- Animal cell culture is the process of growing animal-derived cells outside their natural biological context under controlled laboratory conditions. This technique has become fundamental in cell biology, molecular biology, biotechnology, and medicine.
- By isolating cells from tissues or tumors and providing them with an artificial but supportive environment—including nutrients, growth factors, and suitable physical conditions—researchers can observe, manipulate, and utilize cellular behavior in a reproducible and ethical way. The in vitro setting allows for detailed analysis of cellular processes that would be difficult or impossible to study within a living organism.
- Successful animal cell culture relies on maintaining precise environmental parameters. Most mammalian cells require a temperature of 37°C, a near-neutral pH (around 7.2–7.4), a humidified atmosphere with 5% CO₂ to maintain bicarbonate-buffered media, and an osmotically balanced medium enriched with essential nutrients. Culture media typically include amino acids, vitamins, salts, glucose, and growth-promoting additives such as fetal bovine serum (FBS). To prevent contamination, all procedures must be conducted using aseptic techniques under sterile conditions, often in laminar flow hoods.
- Animal cell cultures are broadly classified based on their origin and lifespan. Primary cultures are established directly from tissues and retain many of the characteristics of the tissue of origin, but they have limited proliferative capacity. Once subcultured, these cells are considered secondary cultures. Some cells undergo spontaneous or induced transformation, becoming continuous or immortalized cell lines capable of proliferating indefinitely. Widely used examples include HeLa, CHO, and HEK293 cells. Stem cells—both embryonic and induced pluripotent stem cells (iPSCs)—form another major category, with the potential to differentiate into various specialized cell types under defined culture conditions.

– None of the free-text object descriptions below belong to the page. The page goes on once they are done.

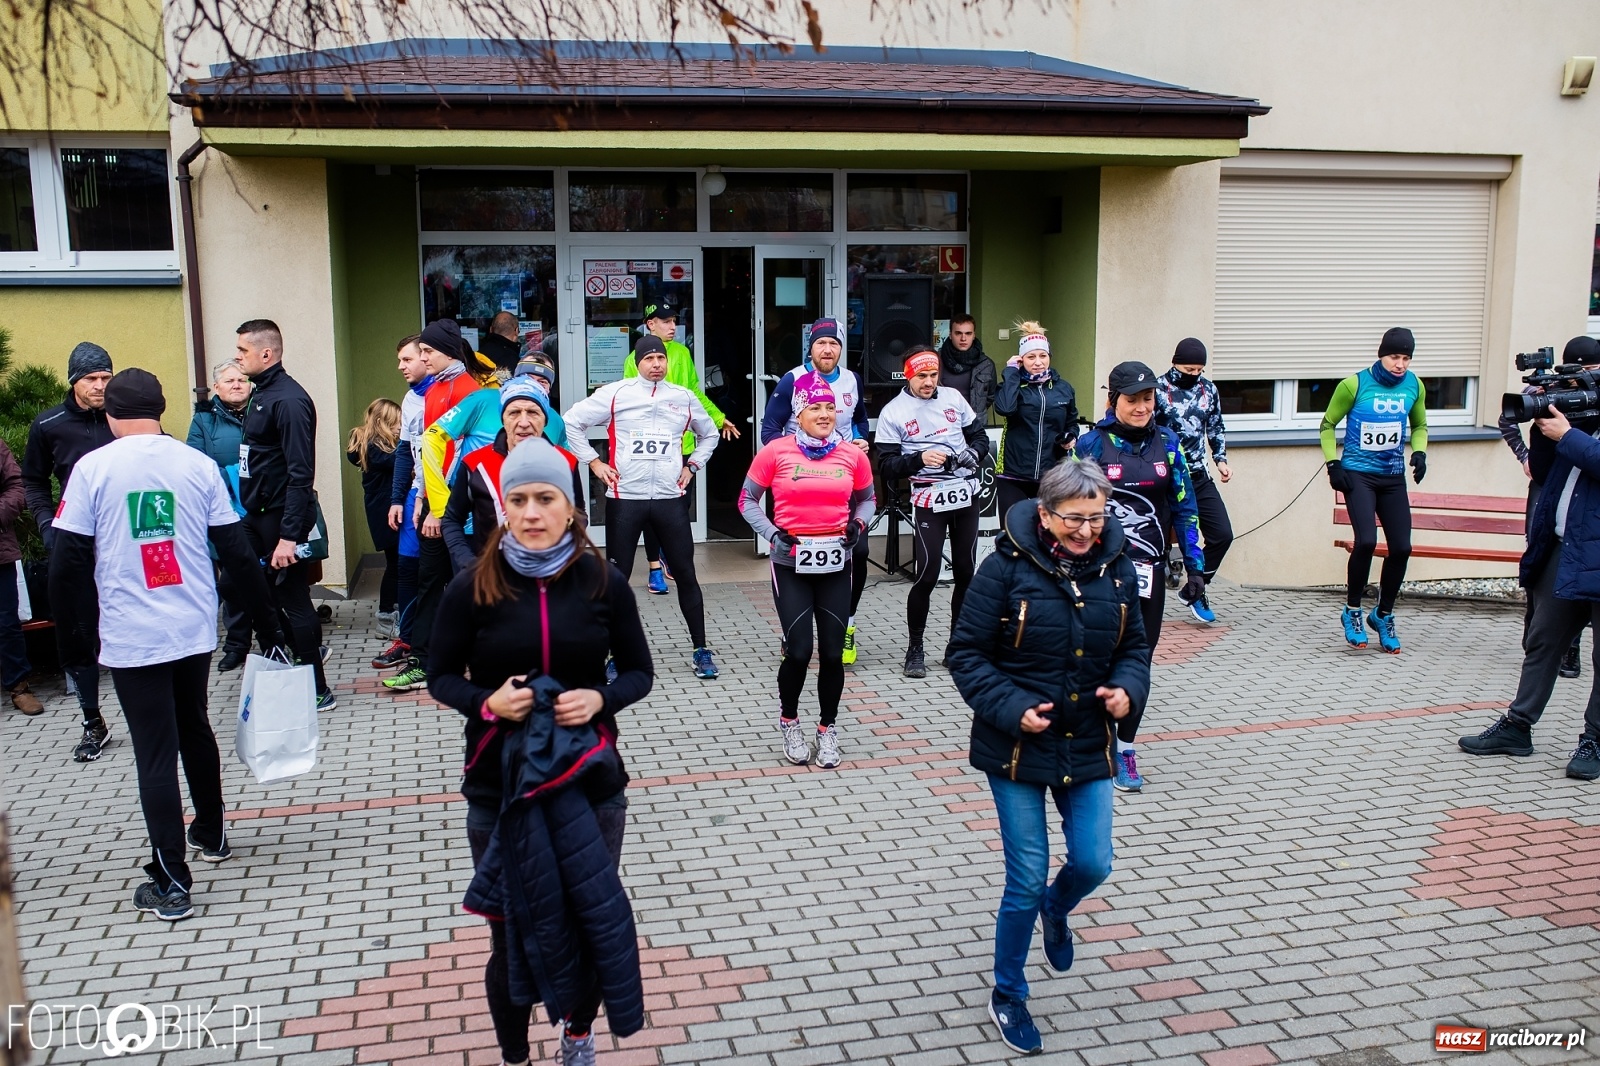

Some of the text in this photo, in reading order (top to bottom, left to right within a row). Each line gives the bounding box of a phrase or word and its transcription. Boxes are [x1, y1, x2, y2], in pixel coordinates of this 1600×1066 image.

[1373, 398, 1407, 414] bbl
[1363, 432, 1399, 445] 304
[632, 440, 670, 455] 267
[800, 467, 833, 475] Kobiety
[934, 488, 969, 506] 463
[138, 528, 173, 538] Athletics
[799, 549, 842, 567] 293

- Depending on their nature, cells can be cultured as adherent monolayers or in suspension. Most mammalian cells require attachment to a surface such as plastic or glass, while some (e.g., lymphocytes or transformed cells) can grow freely in suspension. More complex systems include co-cultures of multiple cell types to study interactions, microcarrier-based cultures for scaling adherent cells in bioreactors, and three-dimensional (3D) cultures or organoids that better mimic in vivo tissue architecture. These advanced models have improved the physiological relevance of in vitro studies and are particularly valuable for drug discovery and regenerative medicine.

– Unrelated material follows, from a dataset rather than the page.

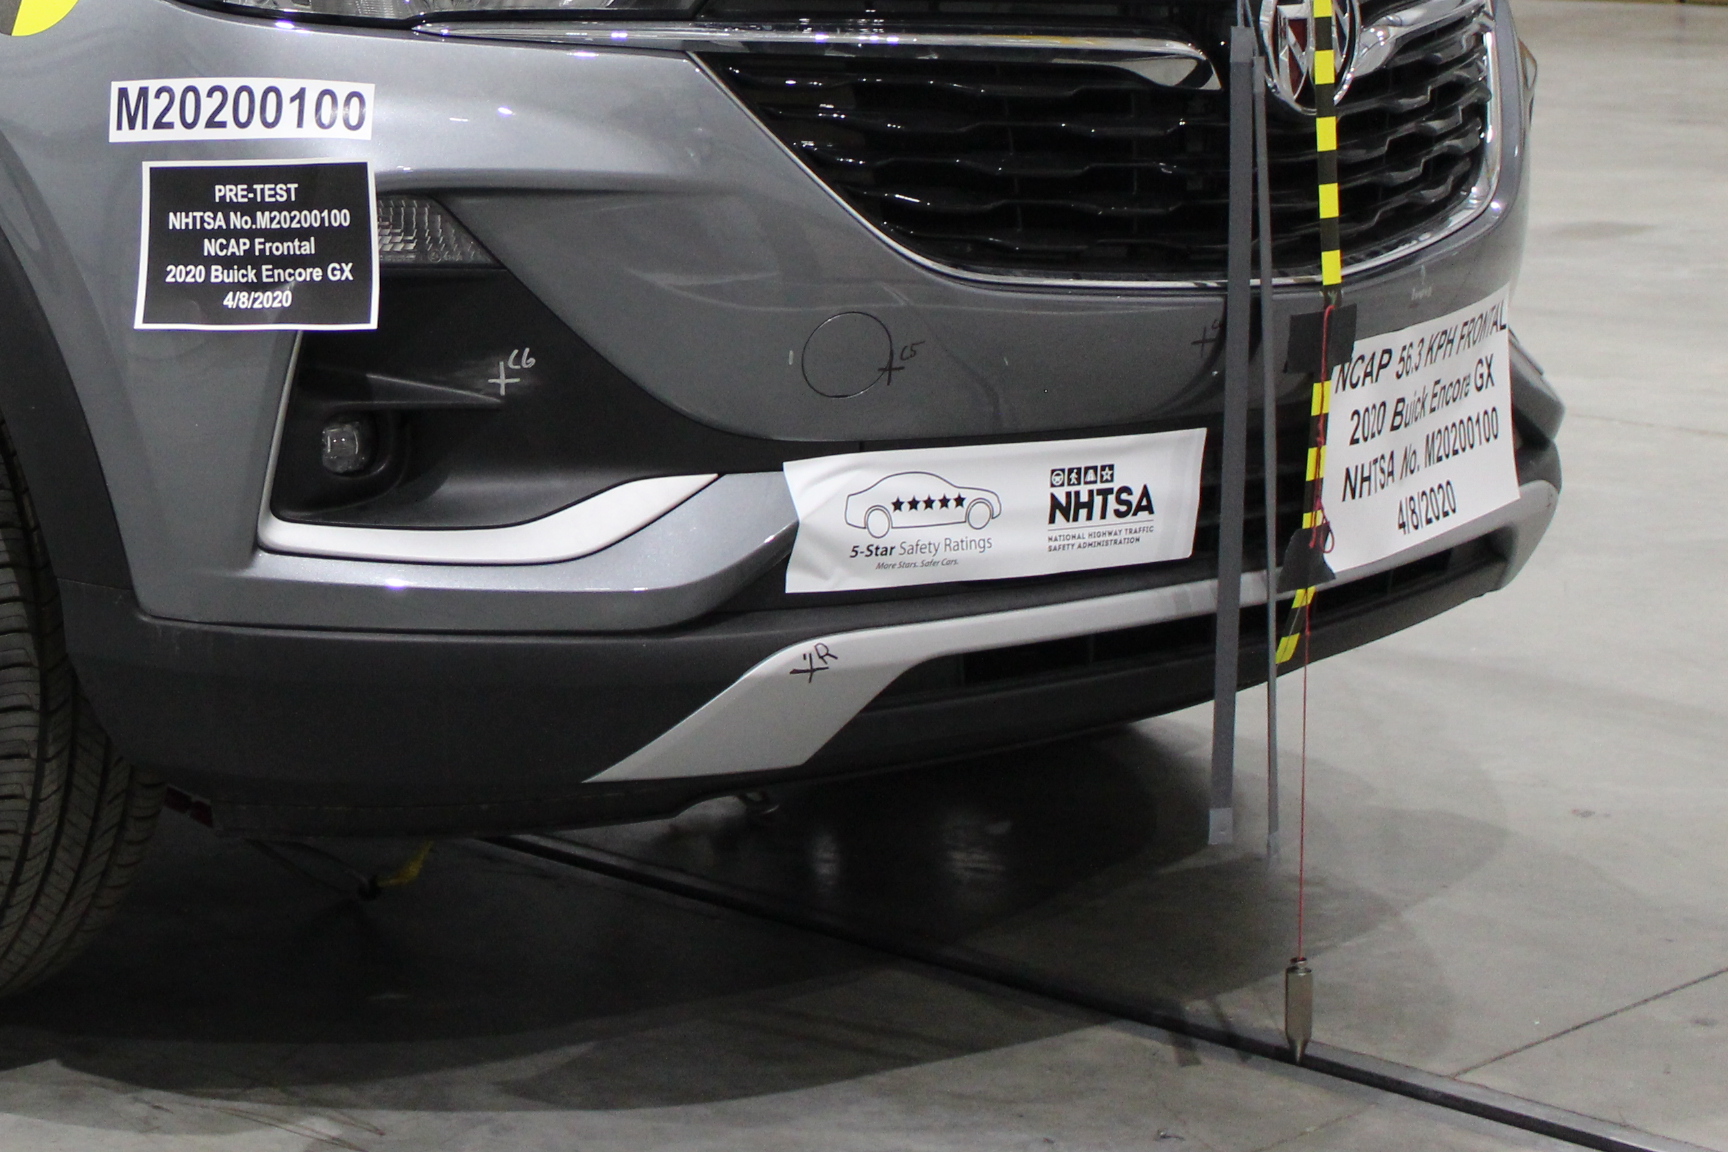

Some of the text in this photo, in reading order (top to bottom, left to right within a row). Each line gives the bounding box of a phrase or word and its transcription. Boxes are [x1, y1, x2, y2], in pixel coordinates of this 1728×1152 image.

- Animal cell culture supports a wide range of applications. In basic research, it enables the study of cell signaling, gene expression, differentiation, and disease mechanisms. In biotechnology and pharmaceutical industries, cultured cells are used to produce recombinant proteins, monoclonal antibodies, and vaccines. CHO and HEK293 cells, for instance, are common hosts for biologic drug manufacturing. In clinical and translational research, cultured cells are employed in gene therapy, tissue engineering, and personalized medicine. Patient-derived cells and iPSCs are increasingly used to model genetic diseases, predict drug responses, and develop individualized therapies. Cell culture also provides a platform for toxicological testing, offering an alternative to animal testing in cosmetics, chemicals, and drug development.
- Despite its advantages, animal cell culture has limitations. Cells maintained in vitro may undergo genetic or phenotypic changes over time and may not fully replicate the behavior of tissues in vivo. Simple 2D cultures lack the complex structural and biochemical cues present in living organisms. In addition, the use of serum introduces variability and potential ethical concerns. Contamination by bacteria, fungi, or mycoplasma remains a persistent challenge in many laboratories.

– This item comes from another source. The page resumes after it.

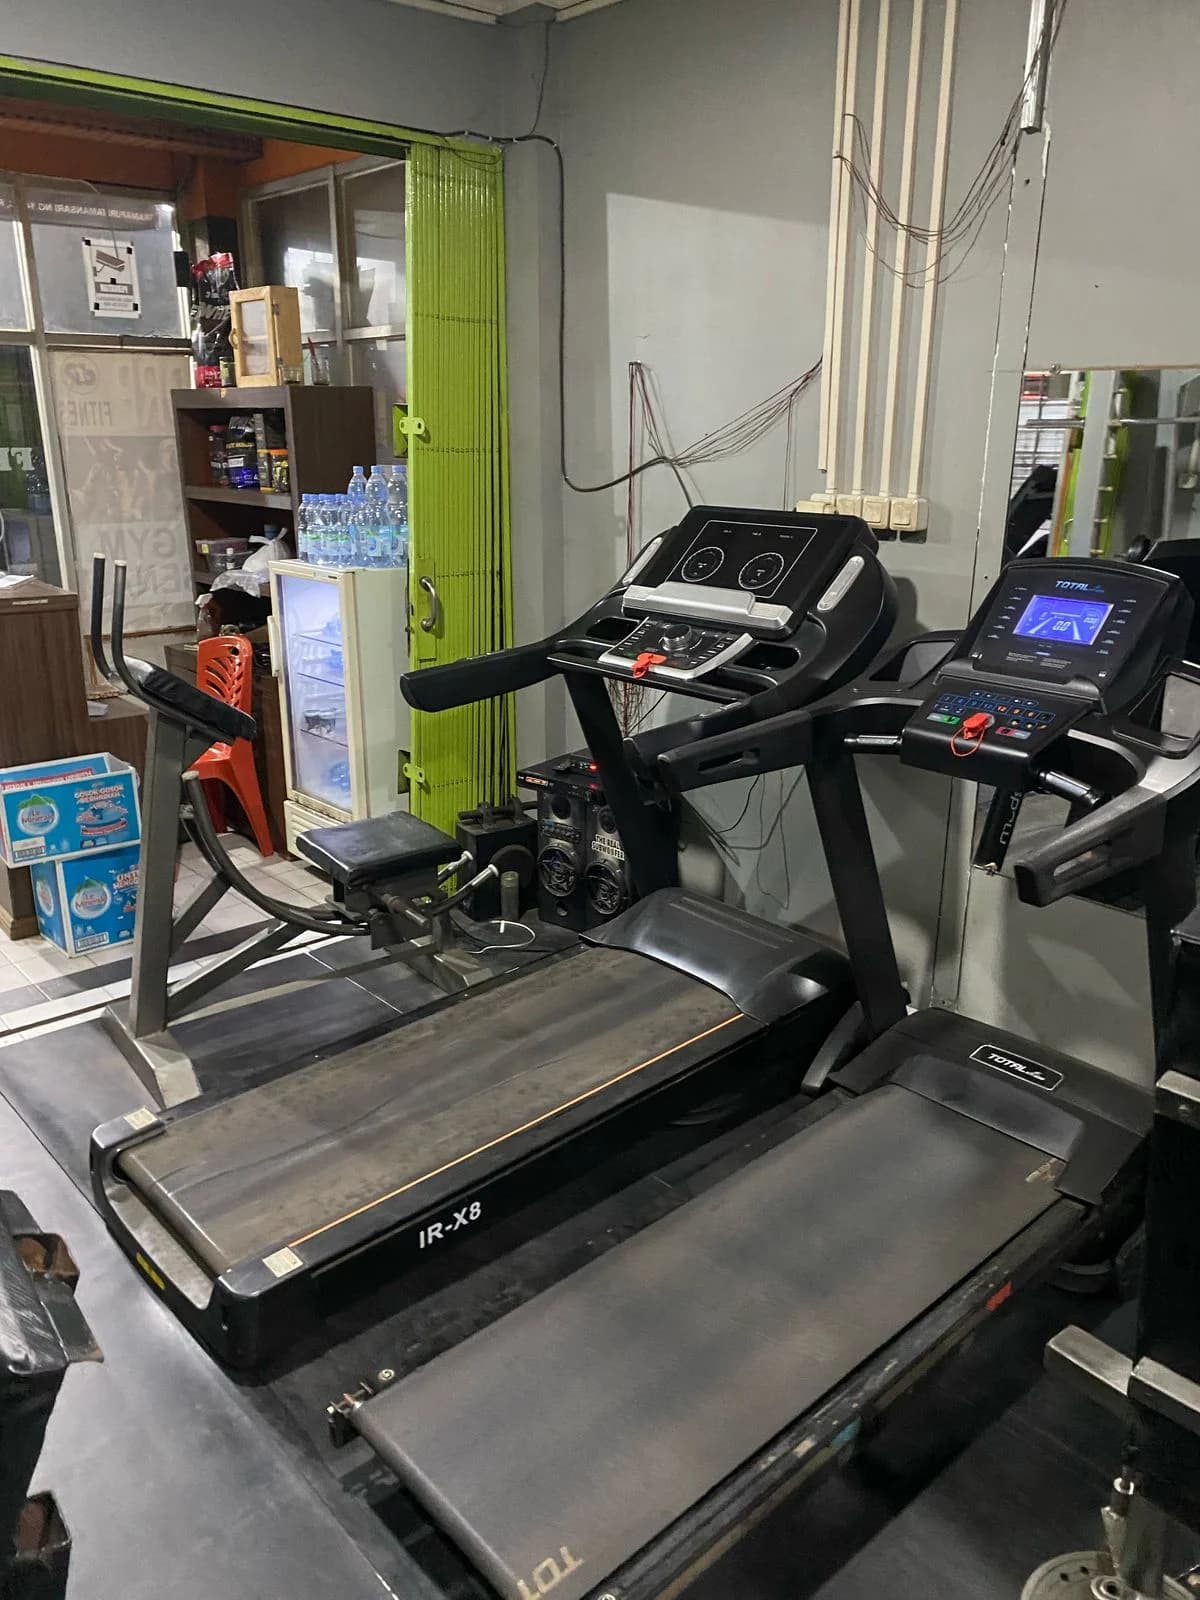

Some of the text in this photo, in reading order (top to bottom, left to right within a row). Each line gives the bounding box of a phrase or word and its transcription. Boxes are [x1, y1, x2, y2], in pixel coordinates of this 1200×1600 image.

[1055, 580, 1089, 591] TOTAL
[987, 1053, 1028, 1073] TOTAL
[419, 1201, 482, 1249] IR-X8

- Recent innovations are addressing these challenges and pushing the field forward. Advances in automation and artificial intelligence are enabling high-throughput, standardized cell culture systems. Microfluidic technologies have led to the development of “organ-on-a-chip” platforms that simulate the dynamic microenvironment of tissues and organs. Defined, serum-free media are replacing animal-derived supplements to improve reproducibility and regulatory compliance. Gene editing tools like CRISPR have made it easier to create disease models or engineer therapeutic cell lines. Emerging fields like 3D bioprinting and 4D culture systems are creating dynamic, spatially organized environments that closely mimic in vivo tissue structure and function.